2) pay some child support to the maternal grandparents and keep records of such... preferably cancelled checks

3) throw some rent money to your sister while you are at it

4) pray that the maternal grandparents aren't familiar with the DHS system in their state because if they are it wouldn't be that hard to get legal custody. if they have money for a lawyer, an affadavit of approval from your wife, pictures of your "filty" home and witnesses who have seen your children running around the neighborhood unsupervised, you lose. and let me tell you as somebody who has worked for the state in that capacity, it won't be easy getting custody back.

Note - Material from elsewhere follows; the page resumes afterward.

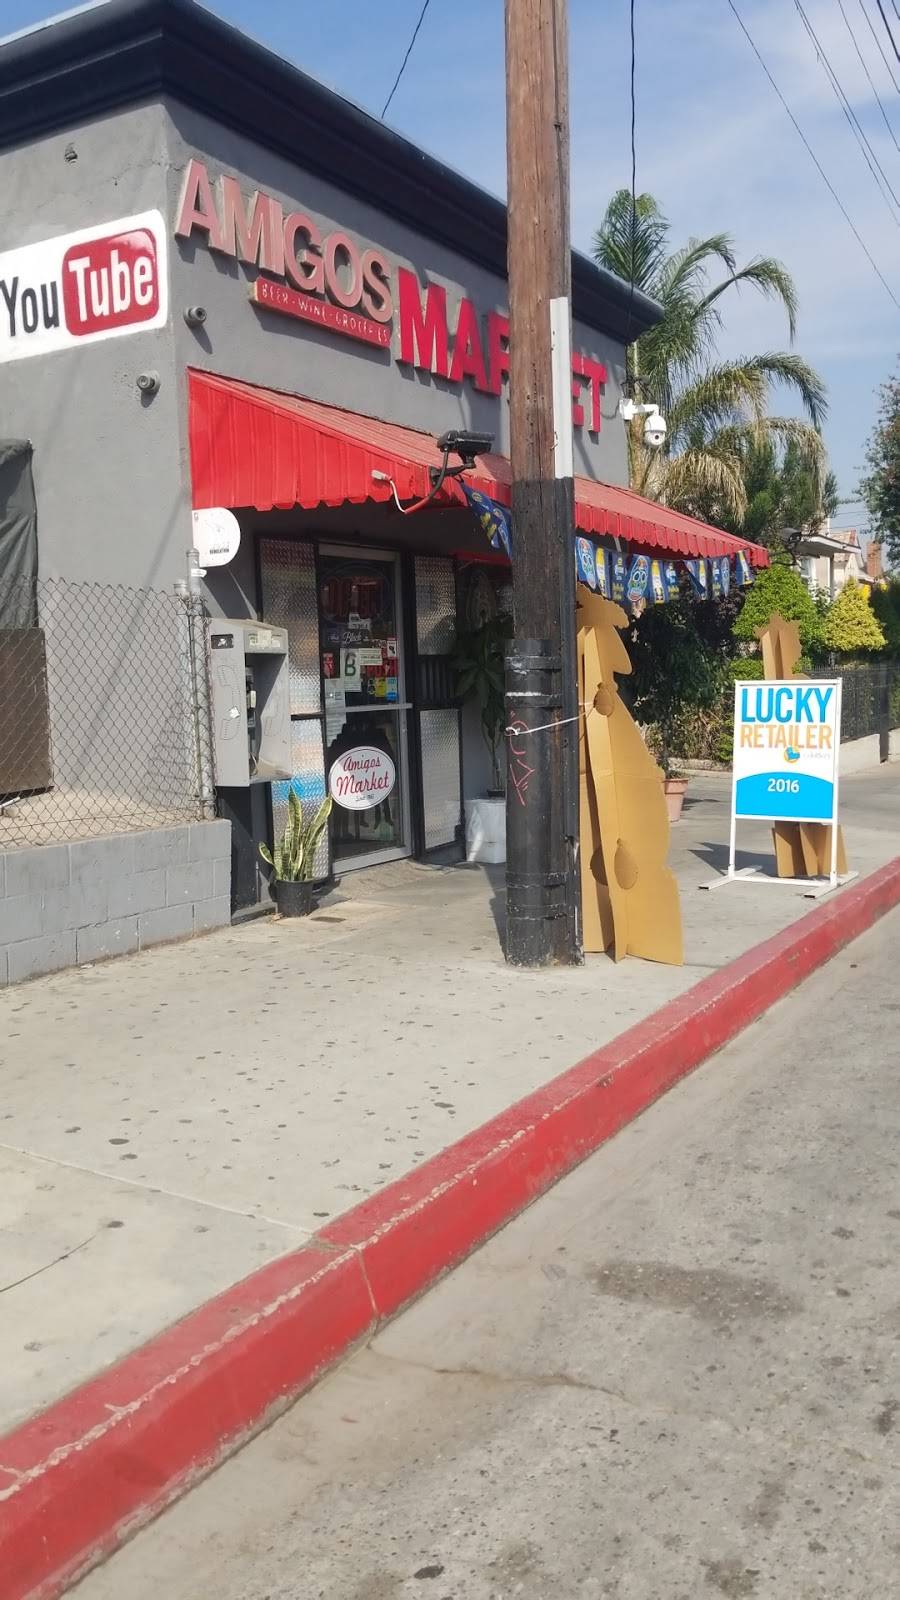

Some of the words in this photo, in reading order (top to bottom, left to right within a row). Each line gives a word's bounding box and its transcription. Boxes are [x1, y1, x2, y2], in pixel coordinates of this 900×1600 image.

5) stop sleeping with other woman and pimping yourself out on the internet... better yet stop using the internet altogether. you don't need a forum like this. you need two or three jobs to pay child support, rent, and have enough left over for some professional assistance. you should have like zero time left over for adultfriendfinder.com

7) stop lying. your mention of a heart-to-heart talk with your wife was an absolute joke. you hid many facts from her and even admitted to pissing her off just to get a reaction out of her.
if you really want to make amends, write her snail mail and tell her you have already gotten two jobs, have a prospect for a third and are sending child support.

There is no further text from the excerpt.